(Data items)
============================================================
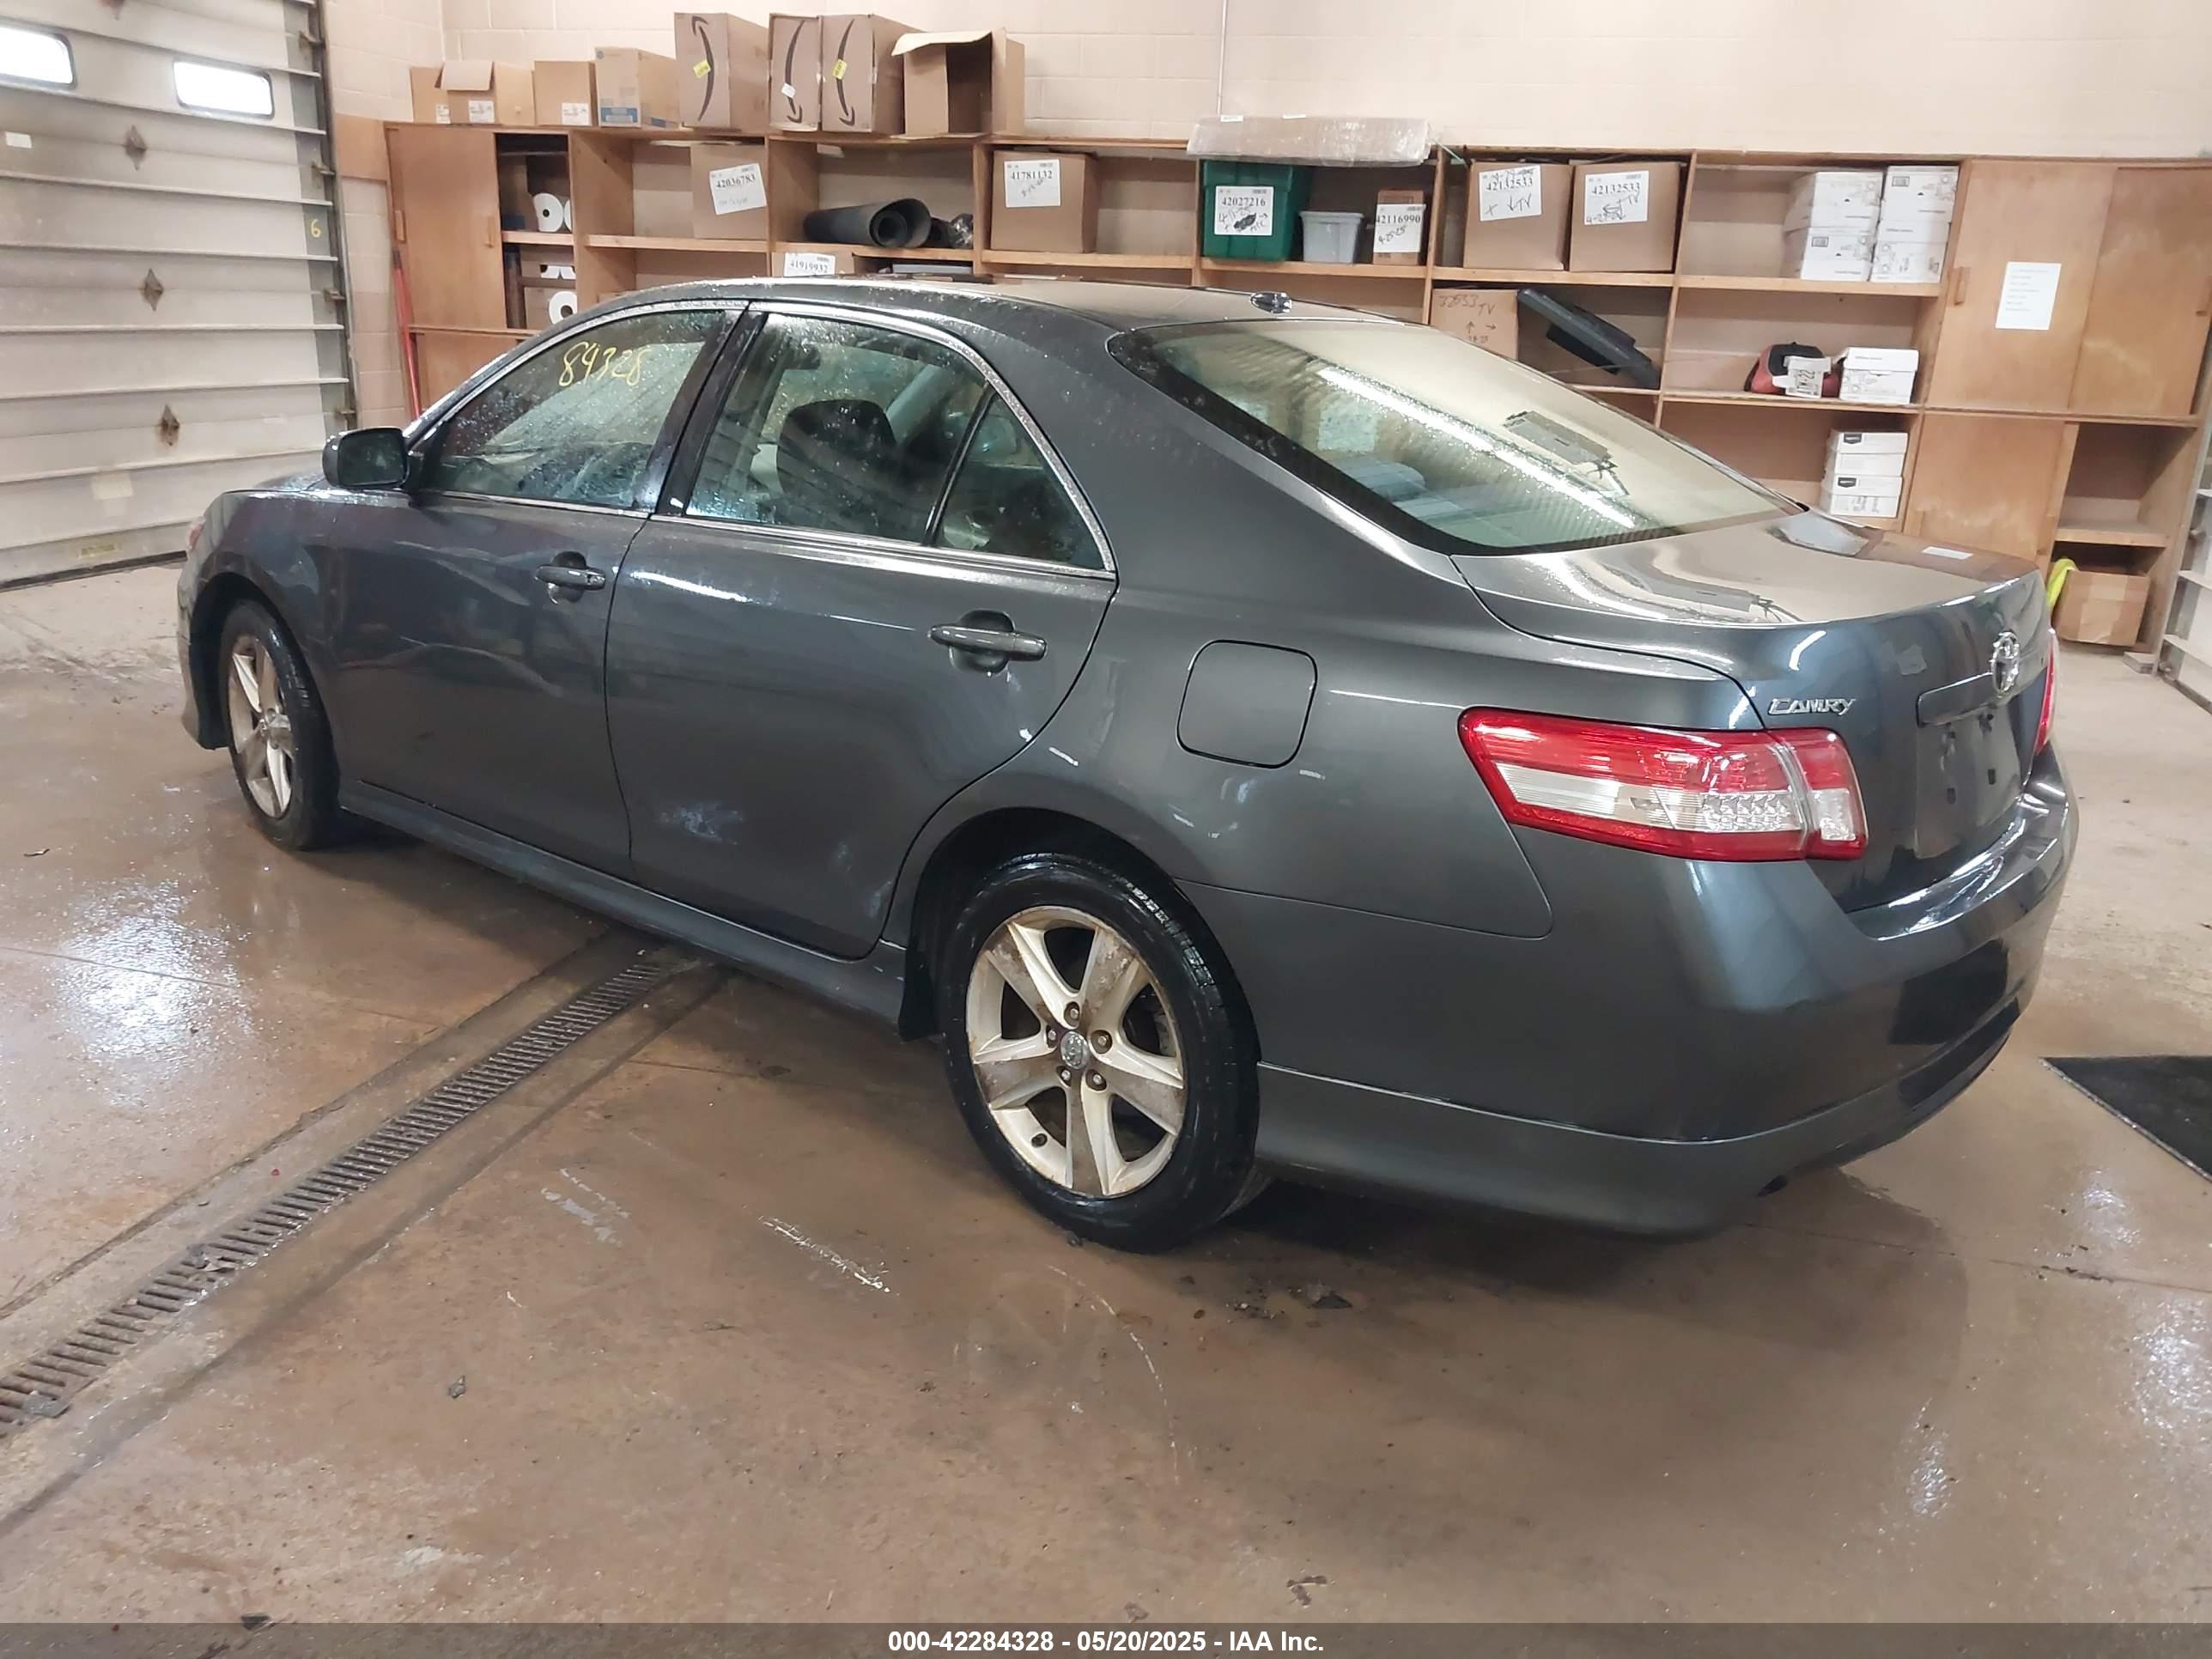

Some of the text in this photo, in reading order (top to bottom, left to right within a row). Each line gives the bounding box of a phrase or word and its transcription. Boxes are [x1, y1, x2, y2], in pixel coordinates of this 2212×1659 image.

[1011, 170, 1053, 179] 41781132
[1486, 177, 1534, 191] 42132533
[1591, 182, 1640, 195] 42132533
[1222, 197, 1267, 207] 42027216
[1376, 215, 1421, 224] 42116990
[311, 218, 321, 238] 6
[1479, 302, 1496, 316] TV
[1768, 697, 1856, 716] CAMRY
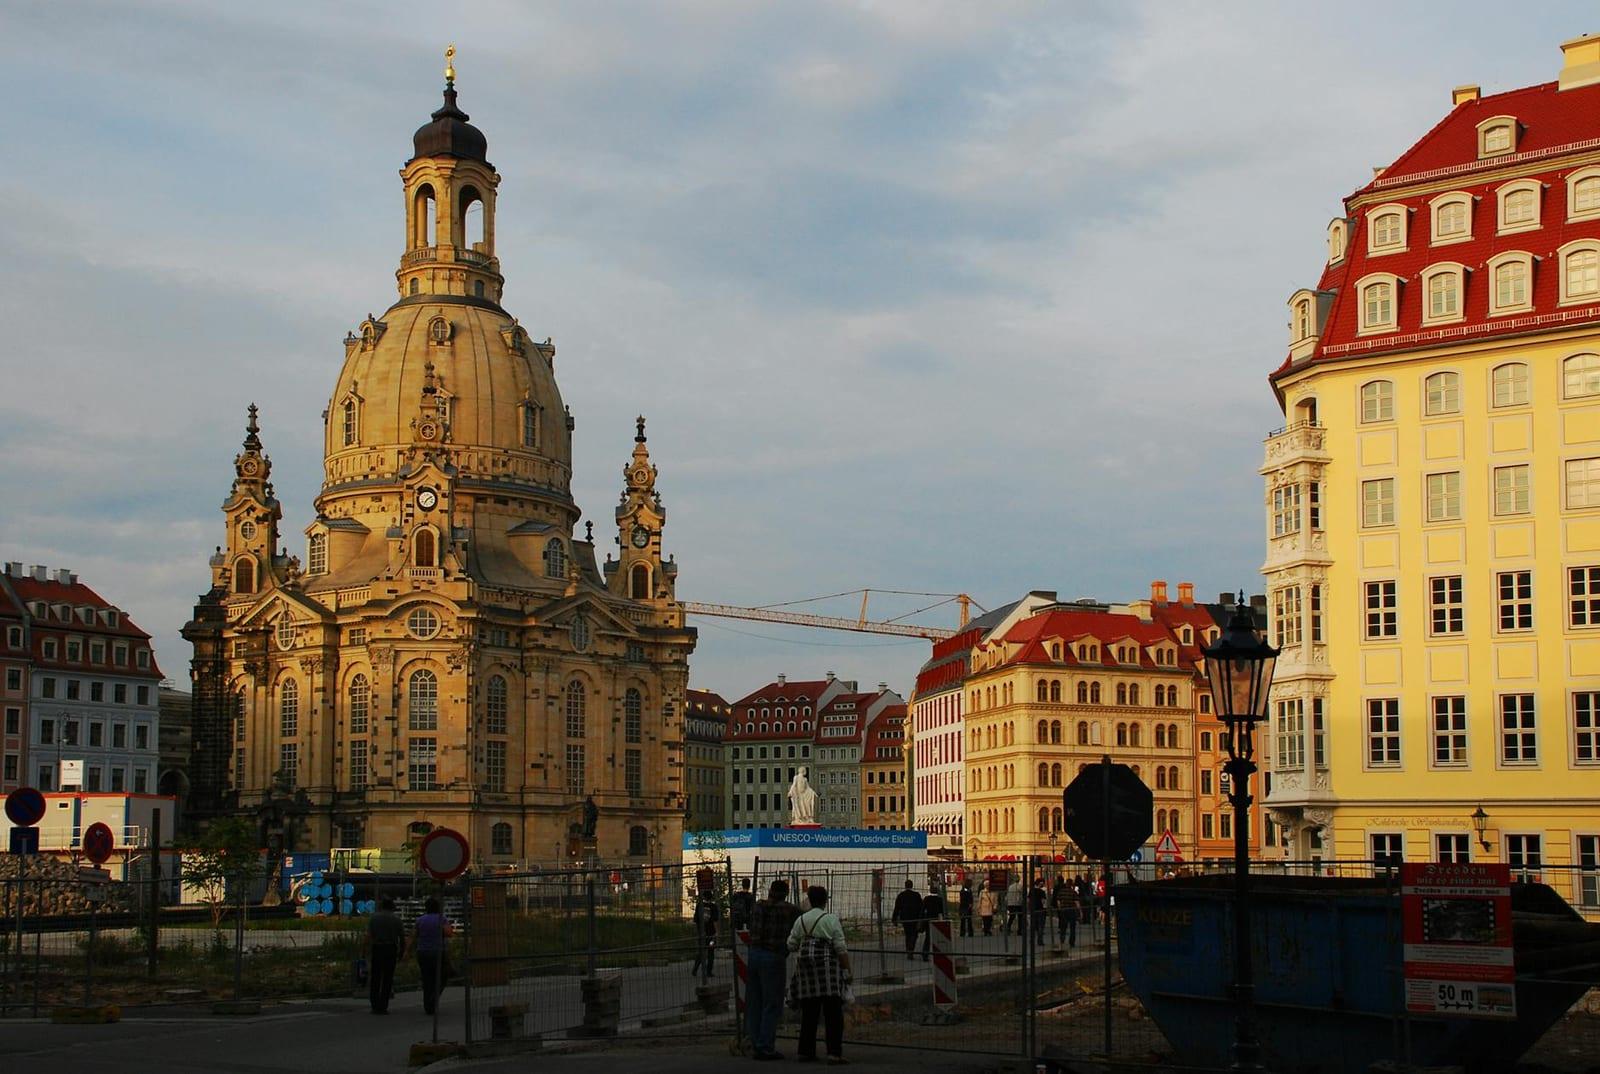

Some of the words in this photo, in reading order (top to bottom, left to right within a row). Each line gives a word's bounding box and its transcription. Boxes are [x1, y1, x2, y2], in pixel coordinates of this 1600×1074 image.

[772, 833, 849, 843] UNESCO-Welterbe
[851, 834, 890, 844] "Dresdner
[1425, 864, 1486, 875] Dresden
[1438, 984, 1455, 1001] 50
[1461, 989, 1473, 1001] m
============================================================
• **Problem details**
All of the data gets printed again exactly; the pictures do not.

• **Written solution**
Some of the text in this photo, in reading order (top to bottom, left to right within a row). Each line gives the bounding box of a phrase or word and its transcription. Boxes are [x1, y1, x2, y2], in pixel coordinates of this 2212×1659 image.

[1011, 170, 1053, 179] 41781132
[1486, 177, 1534, 191] 42132533
[1591, 182, 1640, 195] 42132533
[1222, 197, 1267, 207] 42027216
[1376, 215, 1421, 224] 42116990
[311, 218, 321, 238] 6
[1479, 302, 1496, 316] TV
[1768, 697, 1856, 716] CAMRY

Some of the words in this photo, in reading order (top to bottom, left to right within a row). Each line gives a word's bounding box and its transcription. Boxes are [x1, y1, x2, y2], in pixel coordinates of this 1600×1074 image.

[772, 833, 849, 843] UNESCO-Welterbe
[851, 834, 890, 844] "Dresdner
[1425, 864, 1486, 875] Dresden
[1438, 984, 1455, 1001] 50
[1461, 989, 1473, 1001] m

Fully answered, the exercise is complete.